# Activity:
Go to the line that contains "Some of the text" and transcribe from there to the end of the entries, that line and the last one included.

─── Data for the task ───

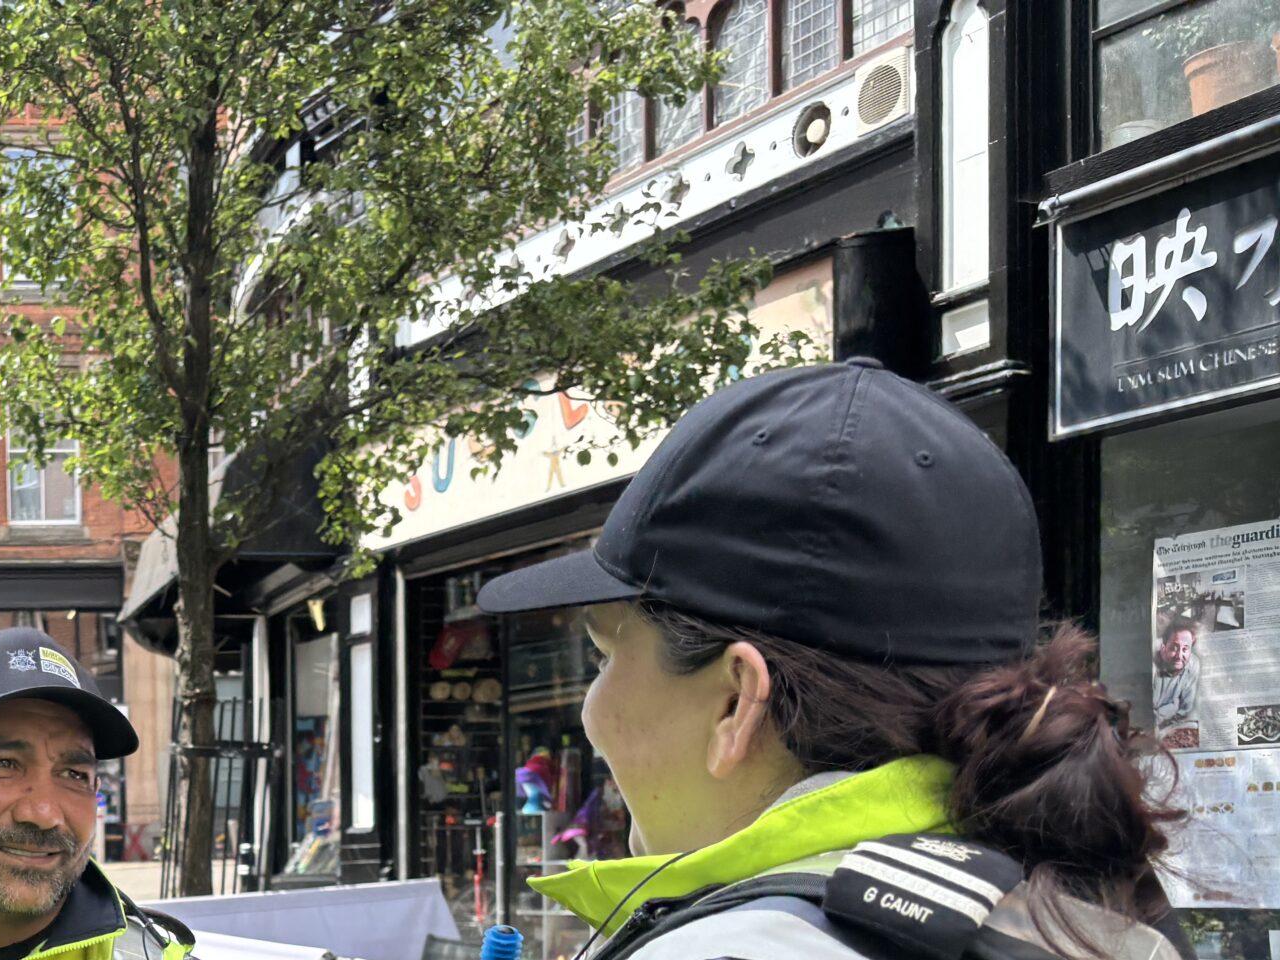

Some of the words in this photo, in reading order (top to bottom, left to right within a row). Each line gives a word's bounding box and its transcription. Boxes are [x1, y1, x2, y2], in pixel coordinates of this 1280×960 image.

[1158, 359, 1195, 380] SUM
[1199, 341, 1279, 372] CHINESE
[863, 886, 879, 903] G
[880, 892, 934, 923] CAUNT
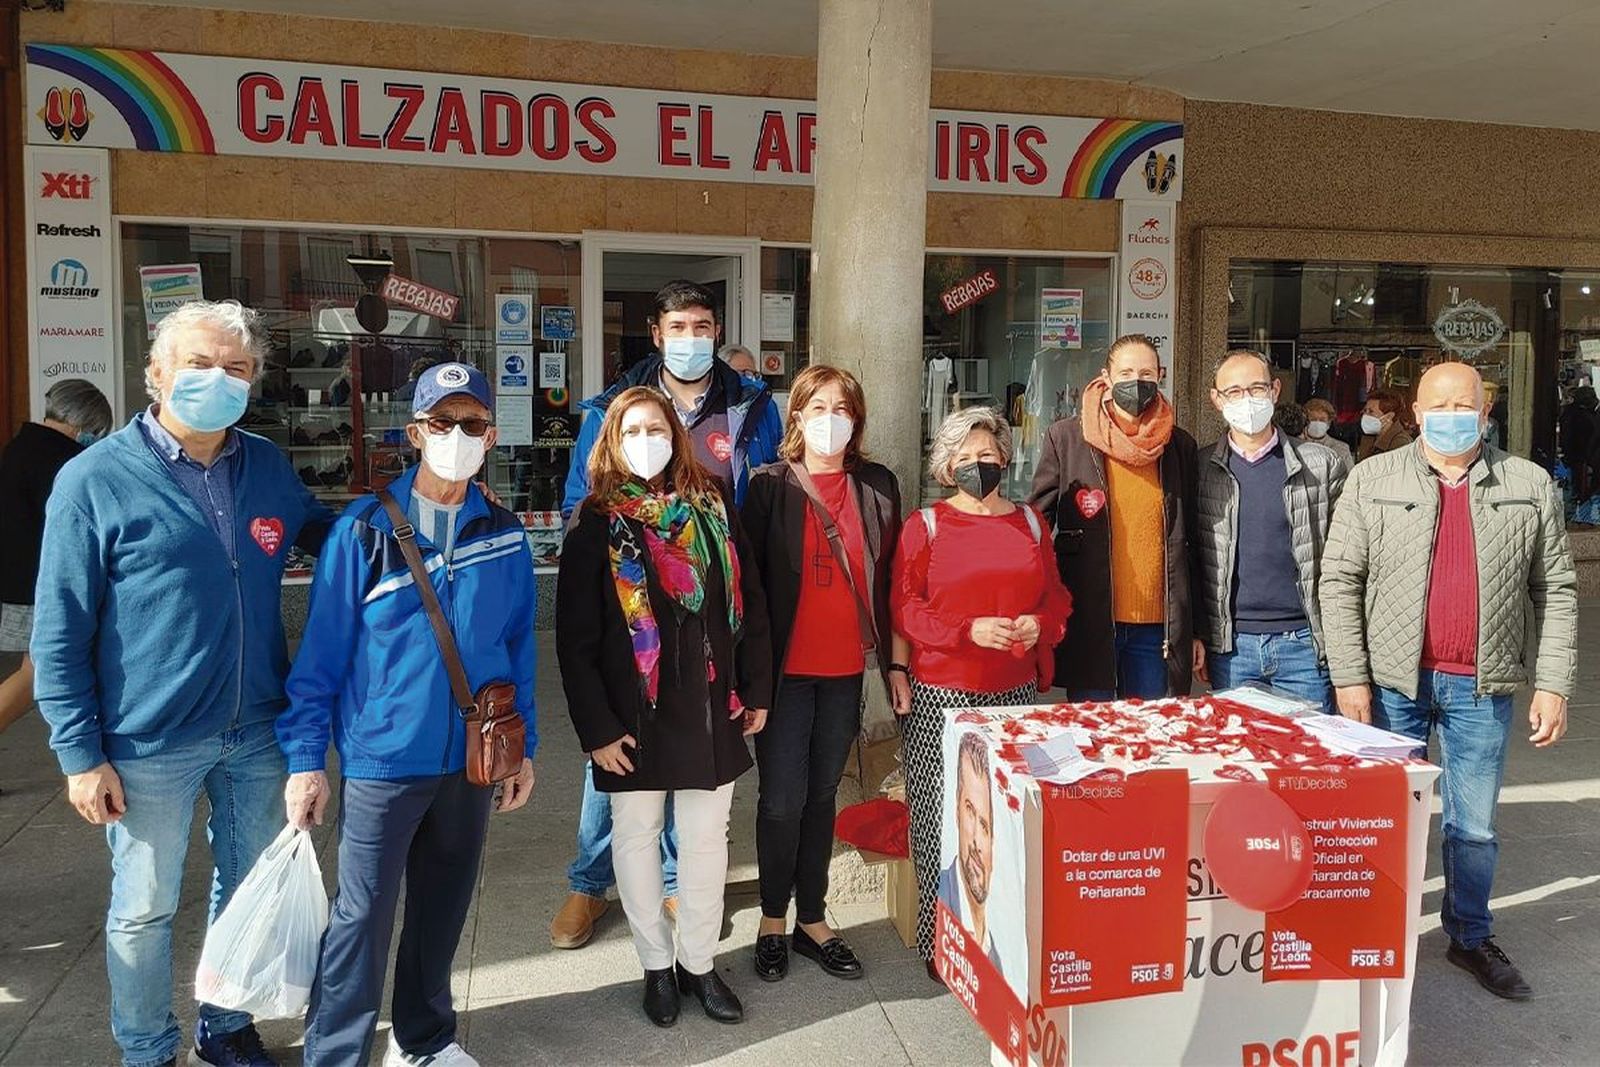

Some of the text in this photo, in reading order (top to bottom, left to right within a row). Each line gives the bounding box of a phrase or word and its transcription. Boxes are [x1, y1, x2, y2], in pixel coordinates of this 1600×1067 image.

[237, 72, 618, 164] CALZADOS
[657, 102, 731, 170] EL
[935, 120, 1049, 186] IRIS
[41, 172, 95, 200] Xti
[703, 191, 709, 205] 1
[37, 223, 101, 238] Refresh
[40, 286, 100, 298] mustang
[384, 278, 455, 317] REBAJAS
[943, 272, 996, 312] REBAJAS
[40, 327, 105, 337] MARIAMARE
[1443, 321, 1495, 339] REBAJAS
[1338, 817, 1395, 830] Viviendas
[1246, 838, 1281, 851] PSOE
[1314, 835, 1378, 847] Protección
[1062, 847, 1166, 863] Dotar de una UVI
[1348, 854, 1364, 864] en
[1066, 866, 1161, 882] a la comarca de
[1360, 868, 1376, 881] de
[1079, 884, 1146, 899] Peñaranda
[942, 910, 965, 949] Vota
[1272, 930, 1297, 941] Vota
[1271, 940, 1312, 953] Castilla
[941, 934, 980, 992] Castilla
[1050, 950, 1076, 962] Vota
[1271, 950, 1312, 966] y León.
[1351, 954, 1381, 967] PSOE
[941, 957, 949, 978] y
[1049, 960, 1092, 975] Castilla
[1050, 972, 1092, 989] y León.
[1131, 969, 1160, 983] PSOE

───

# Response area:
Some of the text in this photo, in reading order (top to bottom, left to right within a row). Each line gives the bounding box of a phrase or word and its transcription. Boxes are [x1, y1, x2, y2], in pixel coordinates of this 1600×1067 image.

[237, 72, 618, 164] CALZADOS
[657, 102, 731, 170] EL
[935, 120, 1049, 186] IRIS
[41, 172, 95, 200] Xti
[703, 191, 709, 205] 1
[37, 223, 101, 238] Refresh
[40, 286, 100, 298] mustang
[384, 278, 455, 317] REBAJAS
[943, 272, 996, 312] REBAJAS
[40, 327, 105, 337] MARIAMARE
[1443, 321, 1495, 339] REBAJAS
[1338, 817, 1395, 830] Viviendas
[1246, 838, 1281, 851] PSOE
[1314, 835, 1378, 847] Protección
[1062, 847, 1166, 863] Dotar de una UVI
[1348, 854, 1364, 864] en
[1066, 866, 1161, 882] a la comarca de
[1360, 868, 1376, 881] de
[1079, 884, 1146, 899] Peñaranda
[942, 910, 965, 949] Vota
[1272, 930, 1297, 941] Vota
[1271, 940, 1312, 953] Castilla
[941, 934, 980, 992] Castilla
[1050, 950, 1076, 962] Vota
[1271, 950, 1312, 966] y León.
[1351, 954, 1381, 967] PSOE
[941, 957, 949, 978] y
[1049, 960, 1092, 975] Castilla
[1050, 972, 1092, 989] y León.
[1131, 969, 1160, 983] PSOE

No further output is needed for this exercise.